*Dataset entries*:
════════════════════

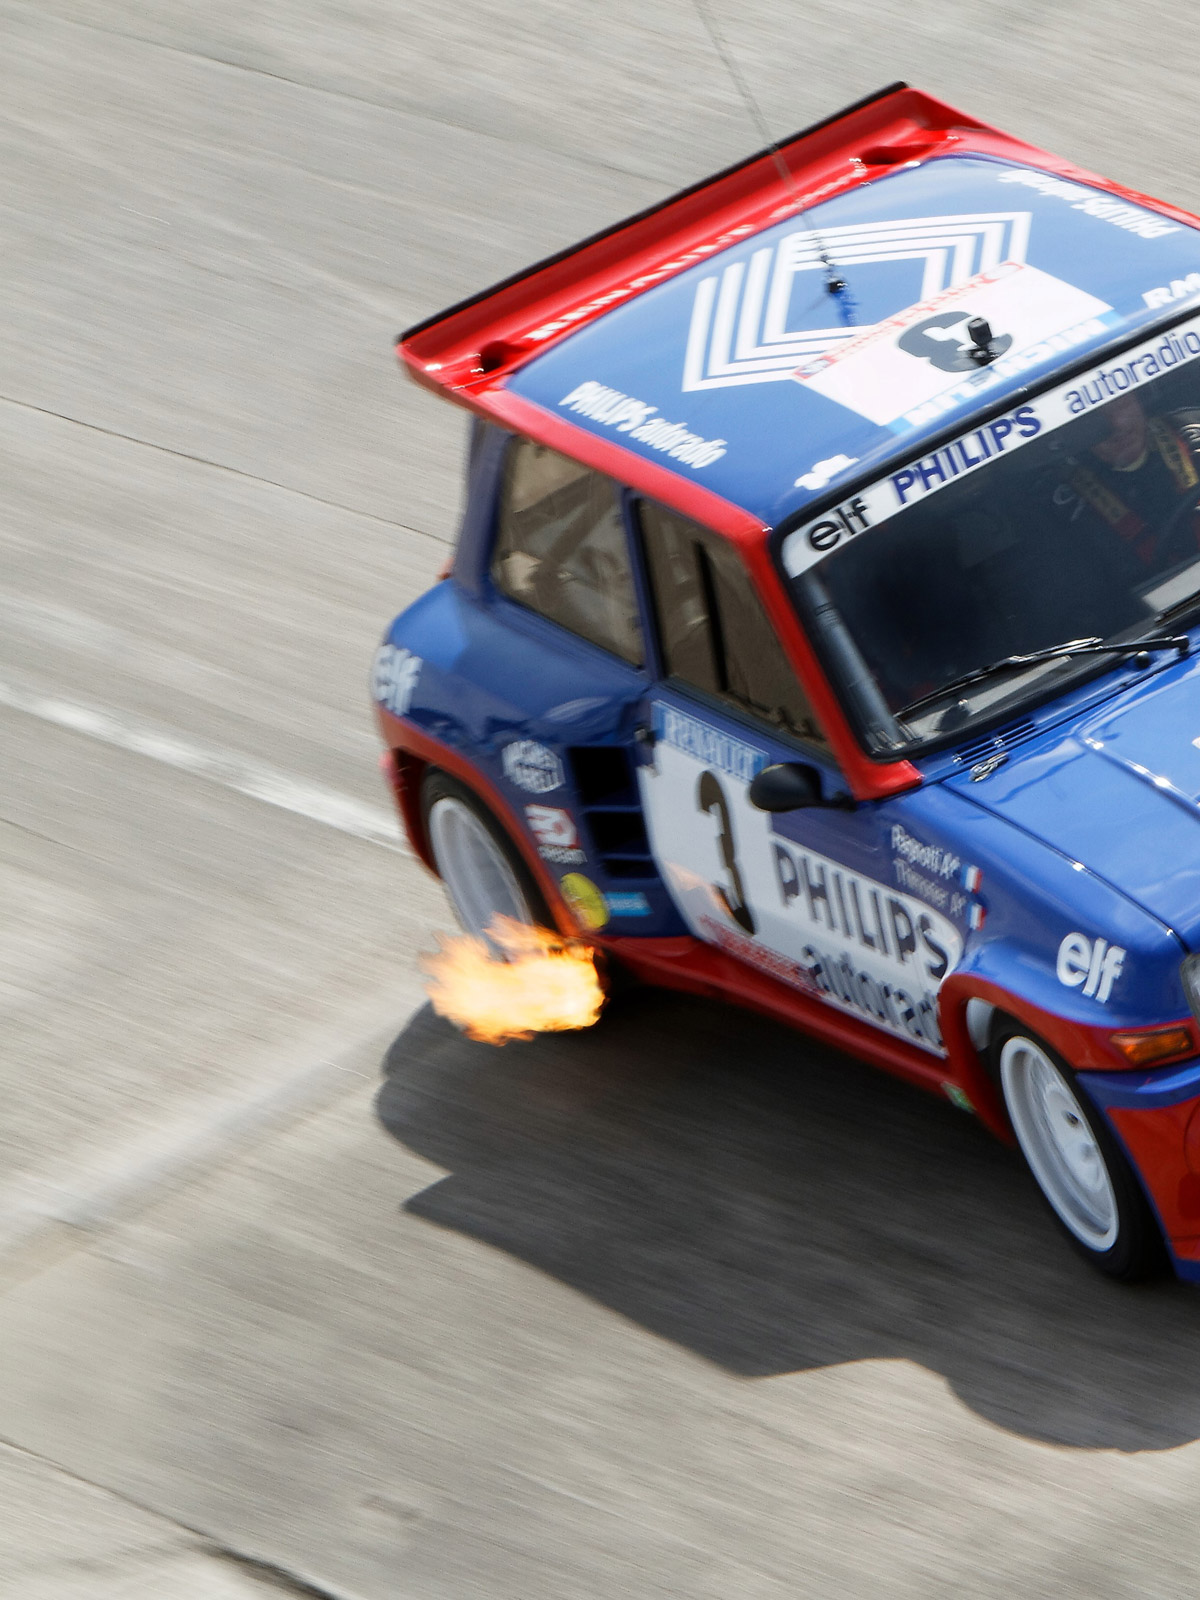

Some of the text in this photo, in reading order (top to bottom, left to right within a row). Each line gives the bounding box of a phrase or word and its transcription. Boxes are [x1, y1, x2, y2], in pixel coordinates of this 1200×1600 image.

[808, 498, 872, 552] elf
[889, 404, 1043, 506] PHILIPS
[696, 769, 758, 936] 3
[768, 840, 949, 983] PHILIPS
[1056, 930, 1127, 1005] elf
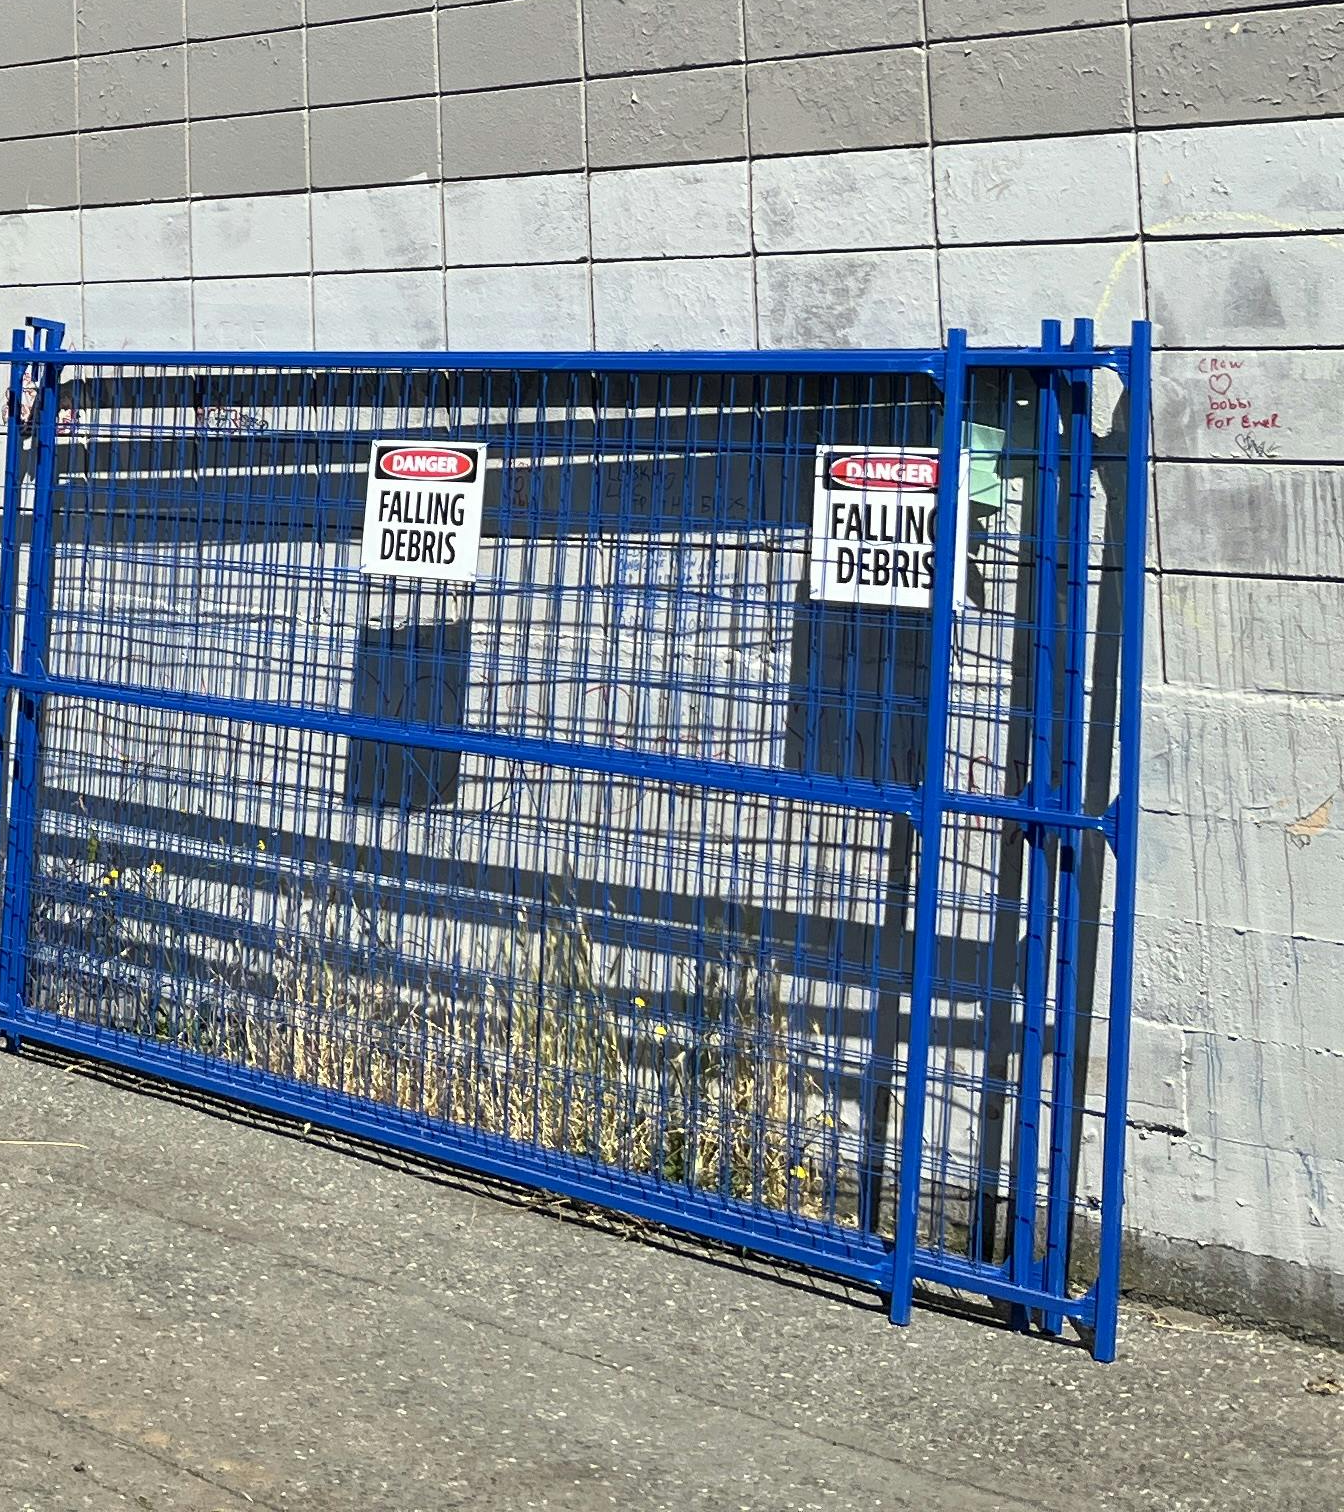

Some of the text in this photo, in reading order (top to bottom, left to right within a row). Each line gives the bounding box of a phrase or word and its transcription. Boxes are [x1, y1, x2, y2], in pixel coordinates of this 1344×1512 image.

[392, 455, 458, 473] DANGER
[845, 461, 933, 483] DANGER
[378, 490, 465, 526] FALLING
[380, 528, 457, 565] DEBRIS
[836, 546, 935, 589] DEBRIS
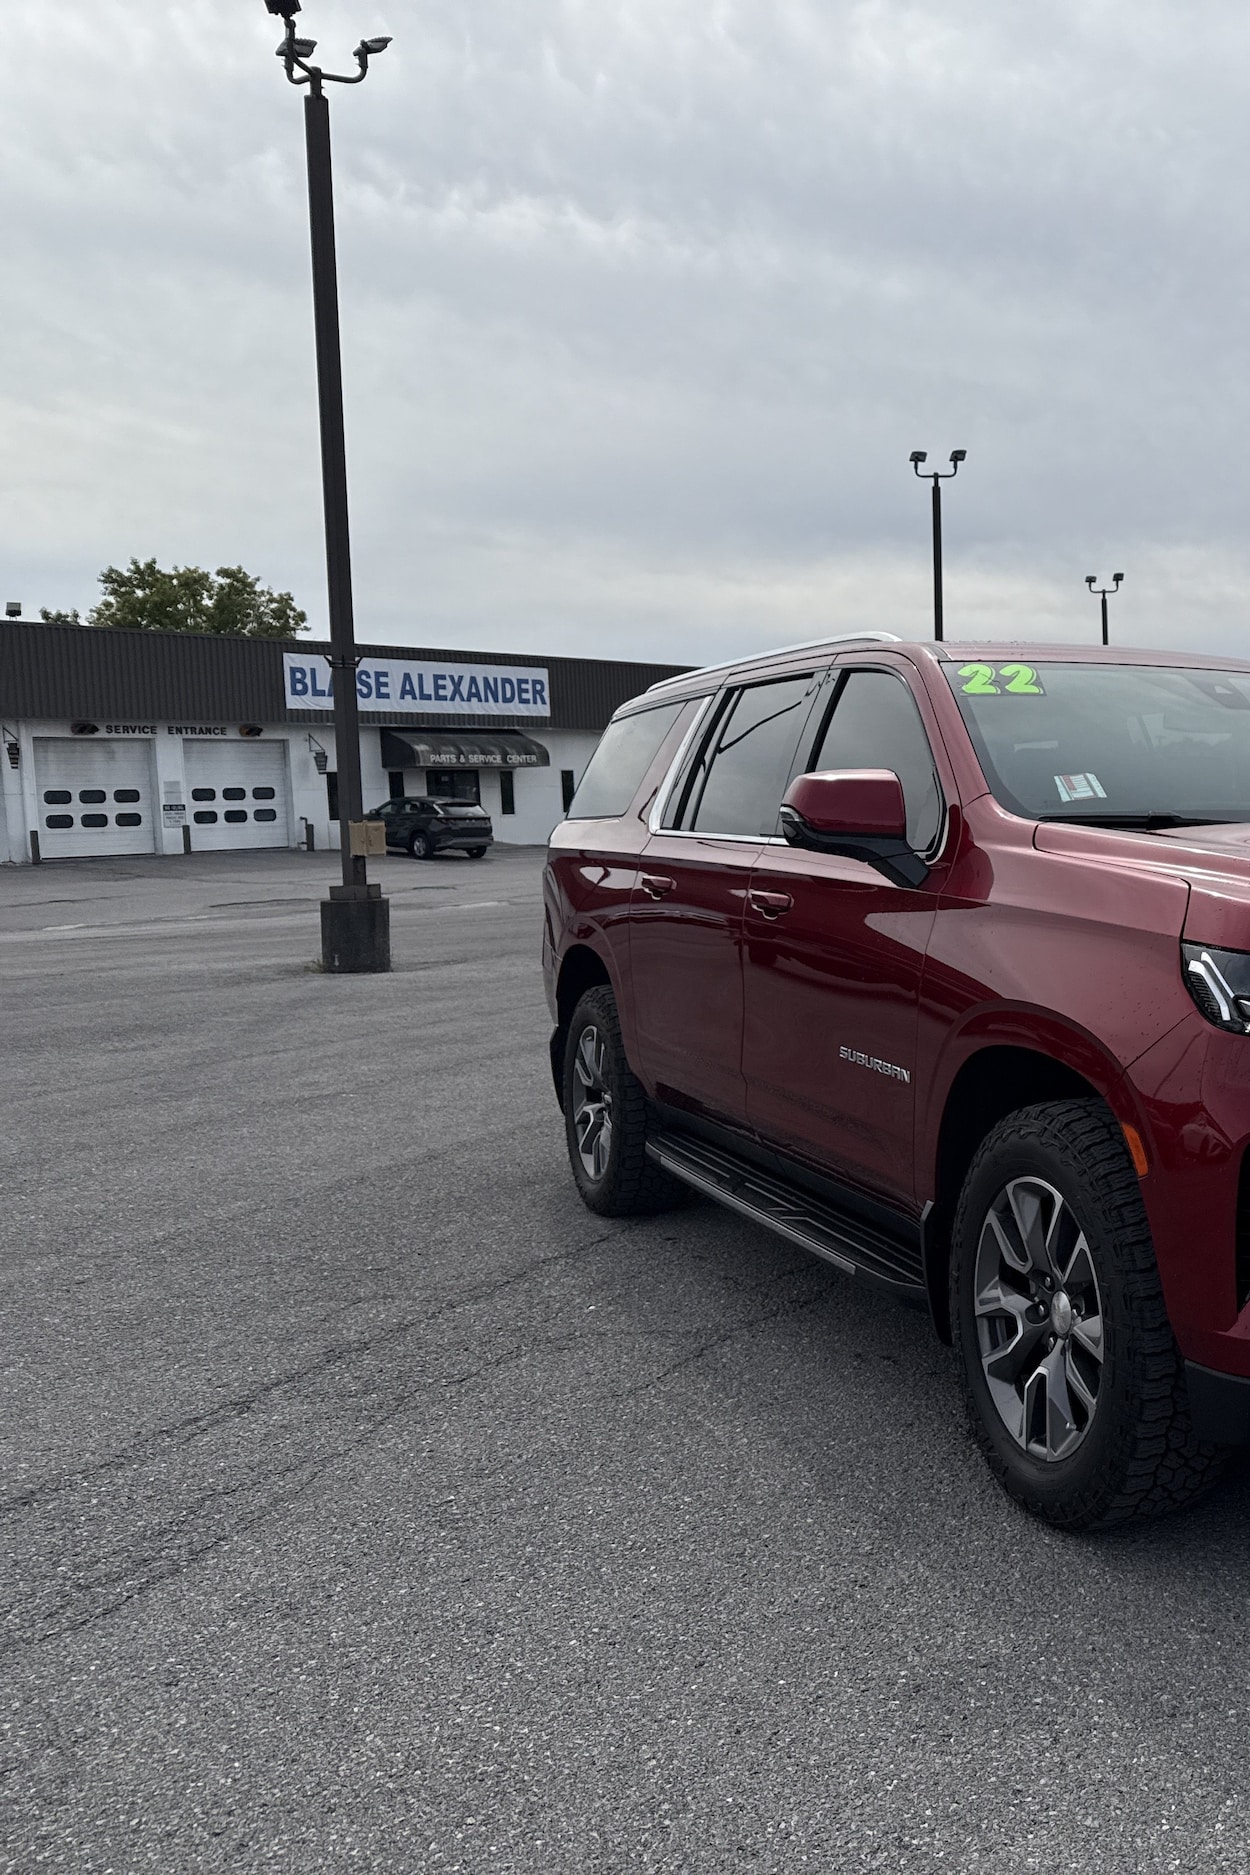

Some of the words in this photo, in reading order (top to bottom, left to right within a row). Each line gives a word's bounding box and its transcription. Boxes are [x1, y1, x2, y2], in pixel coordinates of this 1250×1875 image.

[289, 666, 391, 699] BLSE
[400, 672, 547, 705] ALEXANDER
[957, 663, 1044, 695] 22
[105, 725, 158, 735] SERVICE
[167, 726, 227, 736] ENTRANCE
[430, 754, 457, 763] PARTS
[459, 755, 466, 763] &
[468, 755, 502, 763] SERVICE
[507, 755, 537, 763] CENTER
[839, 1045, 911, 1084] SUBURBAN

════════════════════

*Task to complete*: Find the line with "this 1344×1512 image.". Reproduce it and every line after it through the last line above exactly, leaving out the pictures.

*Answer for this exercise*:
Some of the text in this photo, in reading order (top to bottom, left to right within a row). Each line gives the bounding box of a phrase or word and its transcription. Boxes are [x1, y1, x2, y2], in pixel coordinates of this 1344×1512 image.

[392, 455, 458, 473] DANGER
[845, 461, 933, 483] DANGER
[378, 490, 465, 526] FALLING
[380, 528, 457, 565] DEBRIS
[836, 546, 935, 589] DEBRIS

Some of the words in this photo, in reading order (top to bottom, left to right within a row). Each line gives a word's bounding box and its transcription. Boxes are [x1, y1, x2, y2], in pixel coordinates of this 1250×1875 image.

[289, 666, 391, 699] BLSE
[400, 672, 547, 705] ALEXANDER
[957, 663, 1044, 695] 22
[105, 725, 158, 735] SERVICE
[167, 726, 227, 736] ENTRANCE
[430, 754, 457, 763] PARTS
[459, 755, 466, 763] &
[468, 755, 502, 763] SERVICE
[507, 755, 537, 763] CENTER
[839, 1045, 911, 1084] SUBURBAN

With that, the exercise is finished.